# Apollo



## Silvan (Sep 6, 2017)

(Fritz Schomburg x kovachii)

From Peruflora








It's very cloudy today and it made the picture a bit blury. But I wanted to take the picture as soon as possible in case the flower looses this shape.


----------



## Linus_Cello (Sep 6, 2017)

Lovely. How long have you had it?


----------



## mrhappyrotter (Sep 6, 2017)

It's amazing to see such good form from something with so much kovachii in it. Must have some really, really good genes. How big is the flower? Looks very well grown!


----------



## Silvan (Sep 6, 2017)

Linus_Cello said:


> Lovely. How long have you had it?



I bought a flasklet from Peruflora in October 2014. It's the first one to bloom. 



mrhappyrotter said:


> It's amazing to see such good form from something with so much kovachii in it. Must have some really, really good genes. How big is the flower? Looks very well grown!



Thanks. It's been an easy plant.
The flower is on it's day one. Let's see if the shape holds up for more than 24hours or if it will start to expand and get wavy like it's kovachii parent.
It's 11cm NS.


----------



## NYEric (Sep 6, 2017)

Yay besseae hybrids!


----------



## Phrag-Plus (Sep 6, 2017)

Very nice!


----------



## My Green Pets (Sep 6, 2017)

looks perfect to me. wish the NS was 15 or more tho


----------



## abax (Sep 6, 2017)

What a gorgeous flower both color and shape. I'll send
good vibes for holding this perfect form.


----------



## monocotman (Sep 7, 2017)

*FS x kovachii*

Very nice!
I've also tried a flask from the same source but none survived.
Nobody is offering plants of this very desirable hybrid anywhere.
Maybe it is ready tough to produce.

Well done,

David


----------



## blondie (Sep 7, 2017)

Very nice a beautiful flower a lovely colour 
Looks like its made out of velvet .


----------



## OrchidIsa (Sep 7, 2017)

Really beautiful!! Vraiment beau! :clap:


----------



## grubea (Sep 7, 2017)

Great shape.


----------



## cnycharles (Sep 7, 2017)

Very nice


Sent from my iPhone using Tapatalk


----------



## TrueNorth (Sep 7, 2017)

It's a beauty!
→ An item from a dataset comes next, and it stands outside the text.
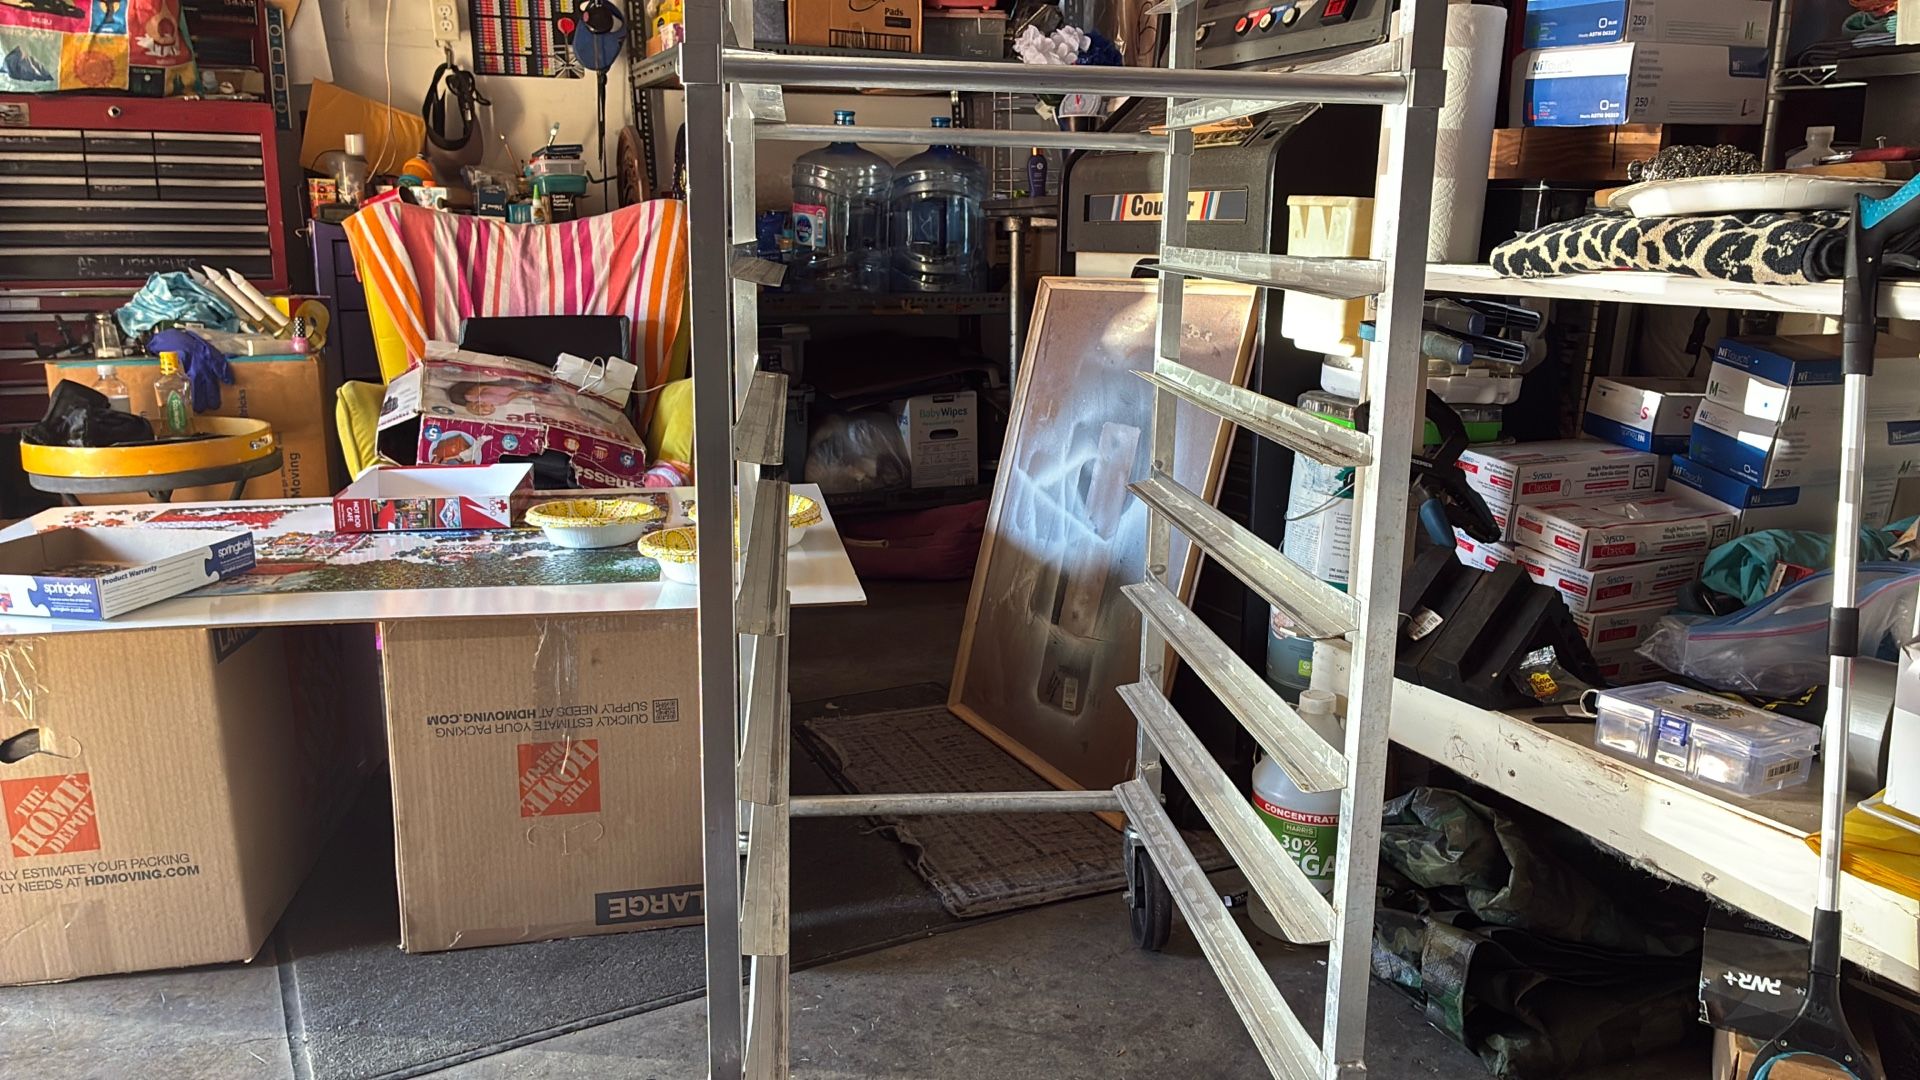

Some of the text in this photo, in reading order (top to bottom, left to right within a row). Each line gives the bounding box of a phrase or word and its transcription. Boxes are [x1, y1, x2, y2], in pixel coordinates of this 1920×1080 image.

From flask to blooming in under 3 years - your culture must be very good.


----------



## KyushuCalanthe (Sep 7, 2017)

Wow, I have to ask again, isn't that award quality?


----------



## JeanLux (Sep 10, 2017)

A better Fritz Schomburg!!!! Jean


----------



## SlipperFan (Sep 10, 2017)

blondie said:


> Very nice a beautiful flower a lovely colour
> Looks like its made out of velvet .


My thought exactly.


----------



## eaborne (Sep 10, 2017)

Beautiful!


----------



## Brabantia (Sep 12, 2017)

Beautiful flowering !

Envoyé de mon Nexus 9 en utilisant Tapatalk


----------



## TrueNorth (Sep 12, 2017)

Did it keep it's shape? How does it look now?


----------



## Silvan (Sep 13, 2017)

Thanks everyone. I didn't expect much from this seedling beside being vigorous. My jaw dropped when I first saw the flower. I couldn't believe how perfect it was (to my eyes). 



CambriaWhat said:


> looks perfect to me. wish the NS was 15 or more tho


It might get to 12cm NS on the next blooming. But not more. At least for this plant. I still have a few more to bloom out, so who knows?!  



monocotman said:


> Very nice!
> I've also tried a flask from the same source but none survived.
> Nobody is offering plants of this very desirable hybrid anywhere.
> Maybe it is ready tough to produce.
> ...



Or maybe breeders rarely have both plants in bloom at the same time? 
Sorry to read that you've lost all your seedlings from that cross. Maybe they like it cooler with the double shot of kovachii?



KyushuCalanthe said:


> Wow, I have to ask again, isn't that award quality?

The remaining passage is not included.